### 7.3.4 Periodic O-Lattices and Pattern Elements

 A CSL lattice by definition has coincidence points in both lattices; the CSL points thus are always O-lattice points, too. The converse is not necessarily true (as we already have seen in the example): The O-lattice of two crystals in a CSL orientation thus must include the CSL lattice points as O-lattice points. This O-lattice, however, may also have additional O-lattice points - all we can deduce at this point is that the CSL lattice points must be a subset of the O-lattice points which belong to the O-lattice that includes the specific CSL orientation. We know that the CSL points are O-points which are always of the same equivalence type - they are lattice points, to be precise. In other words, the O-lattice belonging to a certain CSL lattice, if drawn into the coordinate system of one of the crystals is periodic in this reference system. This is not a general property of an O-lattice - in general, every equivalence point defined by an O-point could be different from all the others and there would be no periodicity. This is best visualized by drawing all equivalence points encountered for a given O-lattice (which, of course, always has infinitely many points) into the unit cell of one of the crystals - we obtain the so-called reduced O-lattice. For a periodic reduced O-lattice, there would be a finite number of equivalence points; a non-periodic lattice would lead to an infinite number of equivalence points in the reduced O-lattice. Lets look at some examples:
Shown are elementary cells of one lattice (blue) with the equivalence points occurring in the O-lattice drawn in. In three cases the O-lattice would be periodic; in the case in the upper right, it would be non-periodic
Periodic O-lattices are clearly special; and it is self-evident that every CSL orientation must correspond to a periodic O-lattice. But there is more.

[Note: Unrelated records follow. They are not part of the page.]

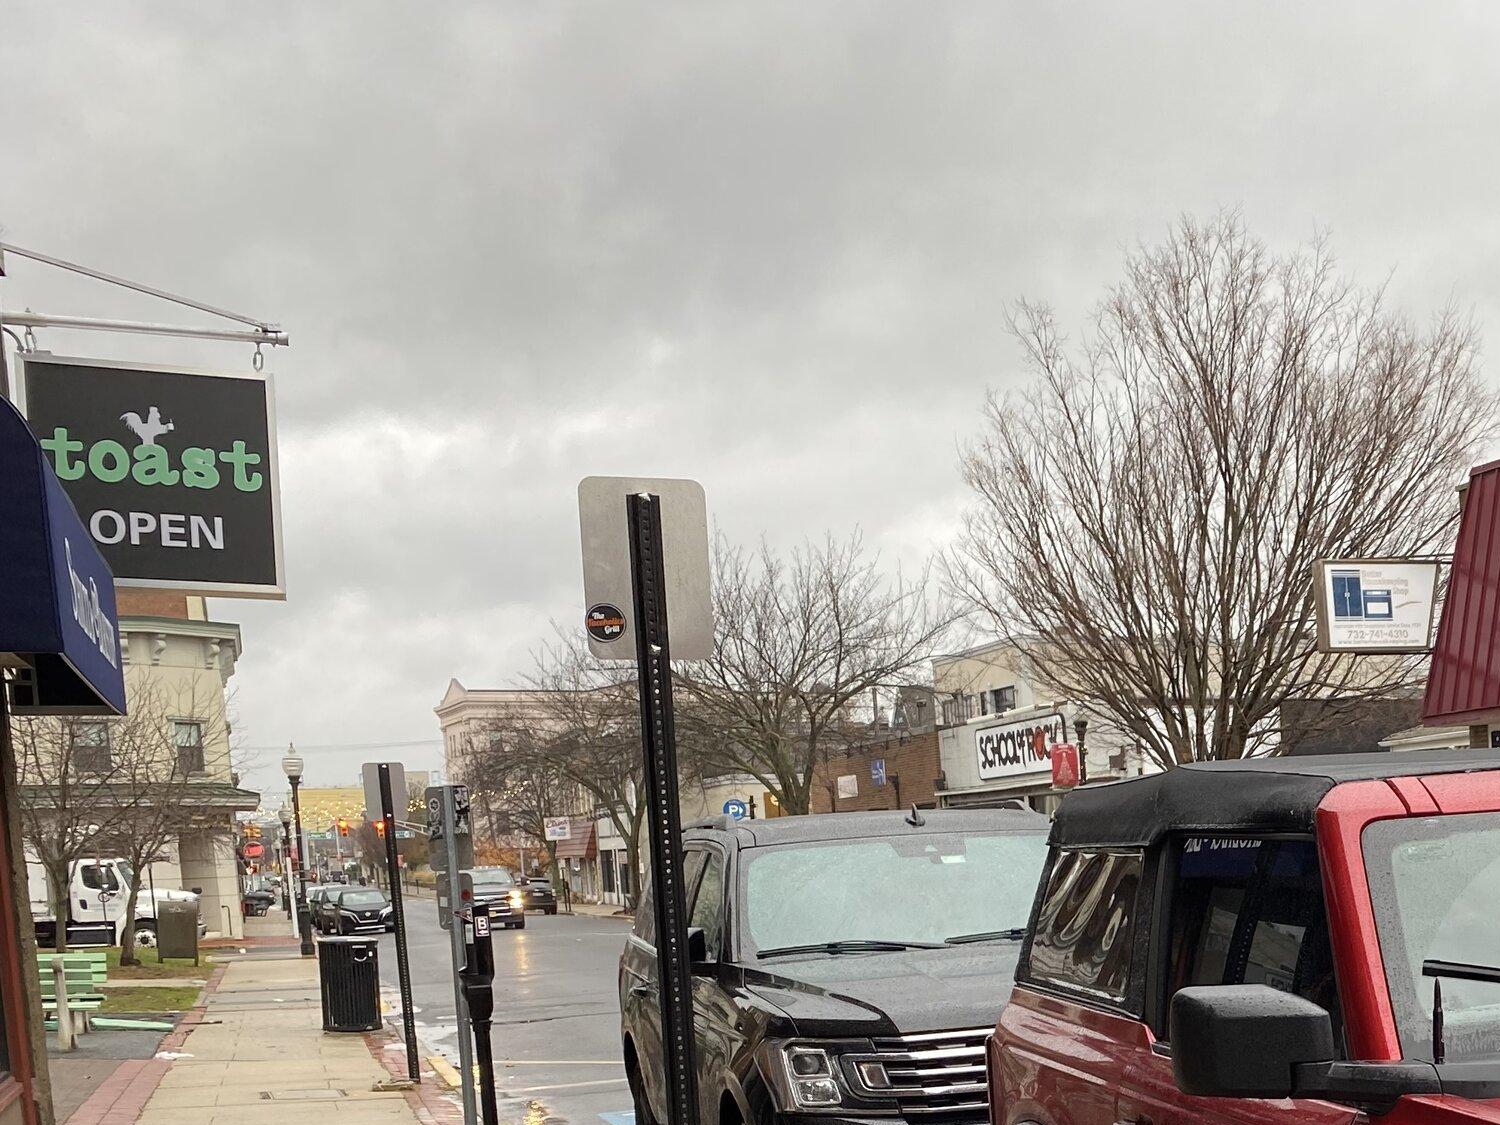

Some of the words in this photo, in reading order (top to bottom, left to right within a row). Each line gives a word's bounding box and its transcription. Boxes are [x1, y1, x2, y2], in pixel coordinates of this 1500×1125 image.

[40, 427, 262, 492] toast
[89, 509, 225, 550] OPEN
[1348, 630, 1408, 639] 732-741-4310
[980, 730, 1019, 769] SCHOOL
[728, 805, 739, 815] P
[478, 917, 486, 930] B

At any O-lattice point in a periodic O-lattice, we have a certain arrangement of the crystal atoms around that point, a specific pattern. Since in a periodic O-lattice there are only a finite number of different equivalence points, there is only a finite number of distinct patterns, too.
An individual pattern is called a pattern element. There are as many pattern elements as there are equivalent points in the reduced O-lattice.

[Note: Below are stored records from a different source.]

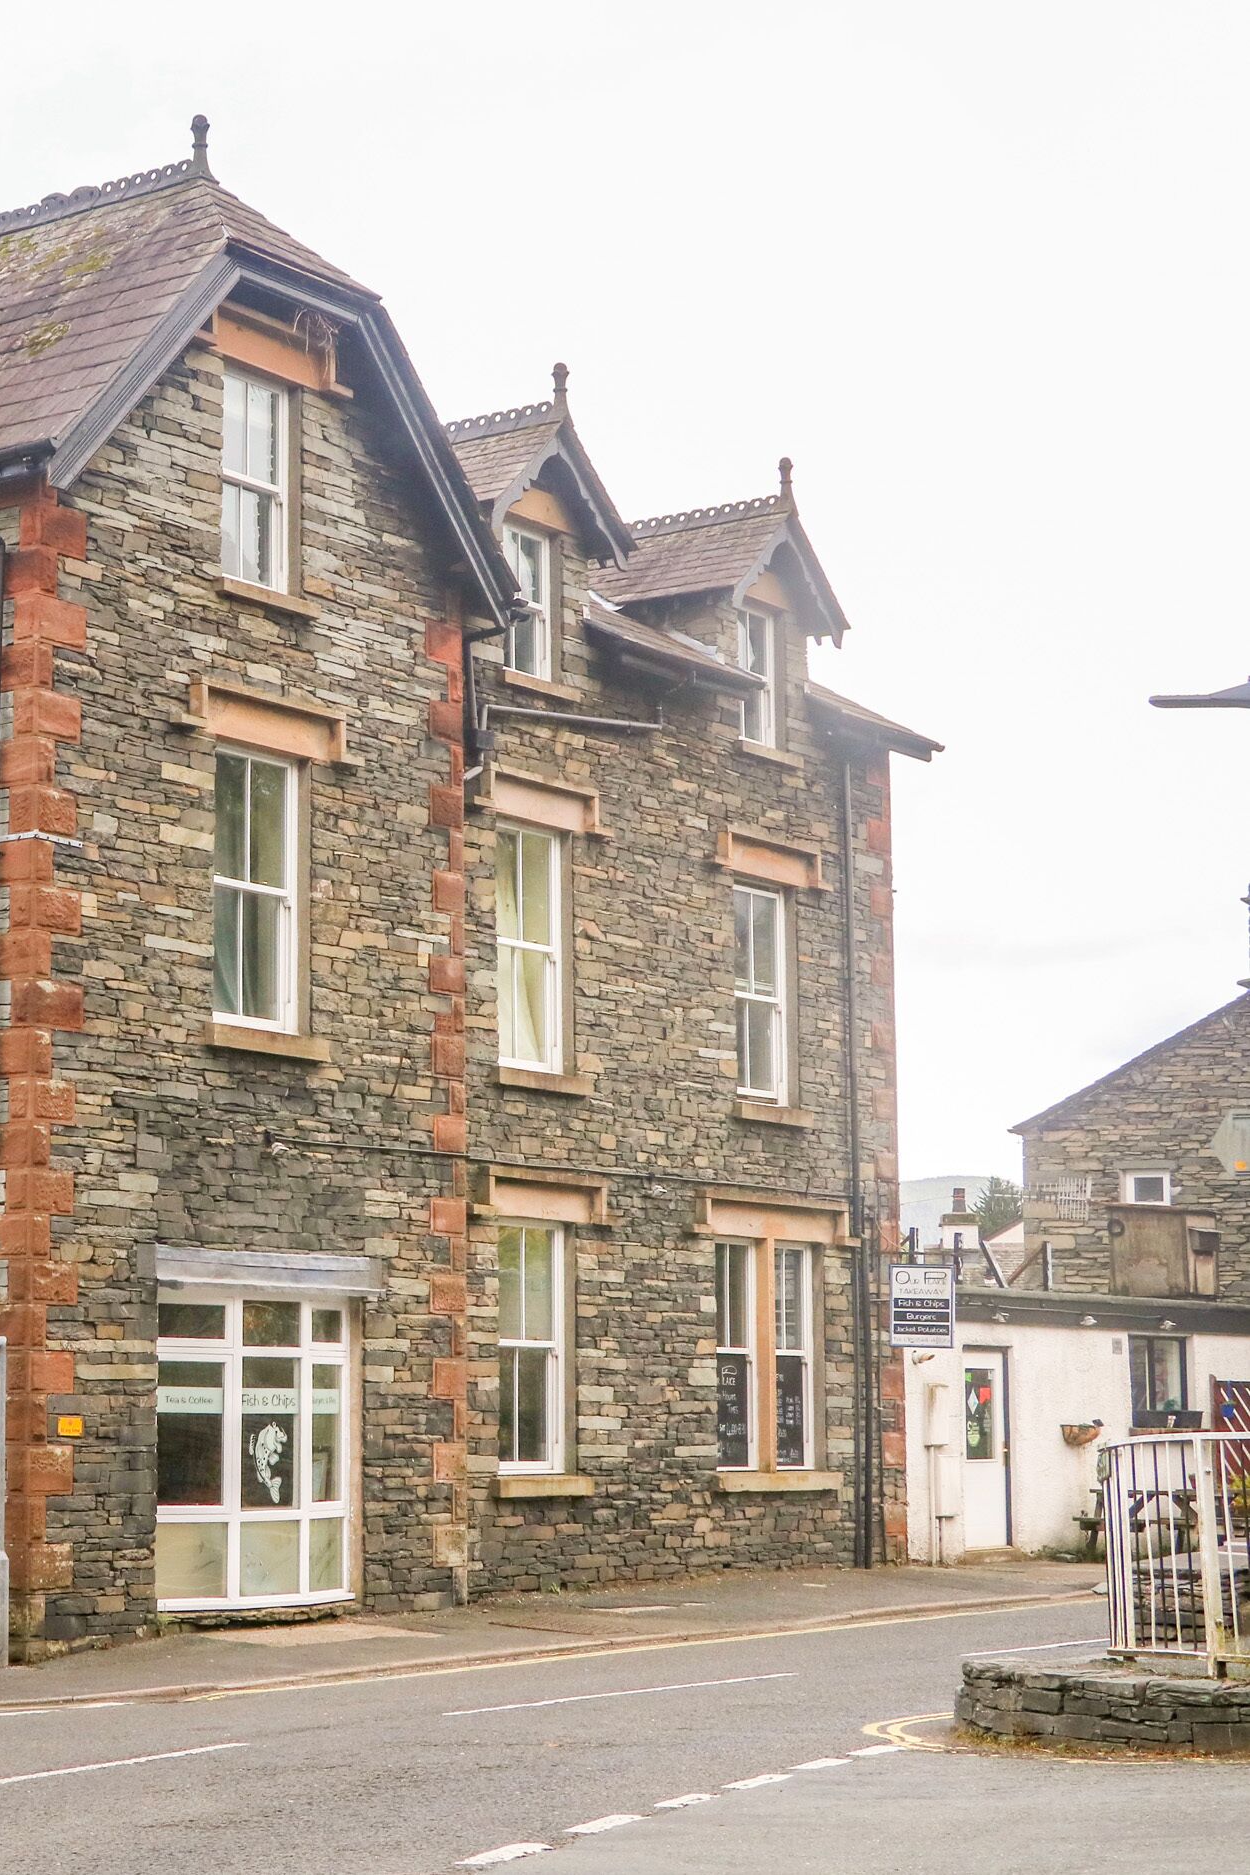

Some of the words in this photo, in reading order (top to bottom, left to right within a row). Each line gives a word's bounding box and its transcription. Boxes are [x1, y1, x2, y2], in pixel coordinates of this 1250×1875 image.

[898, 1299, 914, 1307] Fish
[923, 1299, 945, 1308] Chips
[906, 1312, 937, 1321] Burgers
[917, 1326, 948, 1334] Potatoes
[165, 1395, 180, 1404] Tea
[188, 1395, 214, 1405] Coffee
[241, 1393, 258, 1407] Fish
[262, 1396, 268, 1407] &
[271, 1393, 296, 1409] Chips

This is a crucial concept in O-lattice theory, unfortunately it is not explained very well in Bollmanns book. Let's see what is meant by pattern:
Shown are two lattices (blue and magenta which are superimposed) and one O-point (red). A representation of the geometry of the atoms that you may put into the lattices is given by the yellow triangles. They are simply constructed by connecting the lattice points of the two lattices "around" the O-point with the O-point.
The picture also demonstrates (but does not prove) an universal theorem: Any O-point can be chosen as the origin for the transformation that produces lattice 2 from lattice 1 (here it is a simple rotation).
In a non-periodic O-lattice, the representation of patterns in the way shown is different at any O-point - this is also rather difficult to draw.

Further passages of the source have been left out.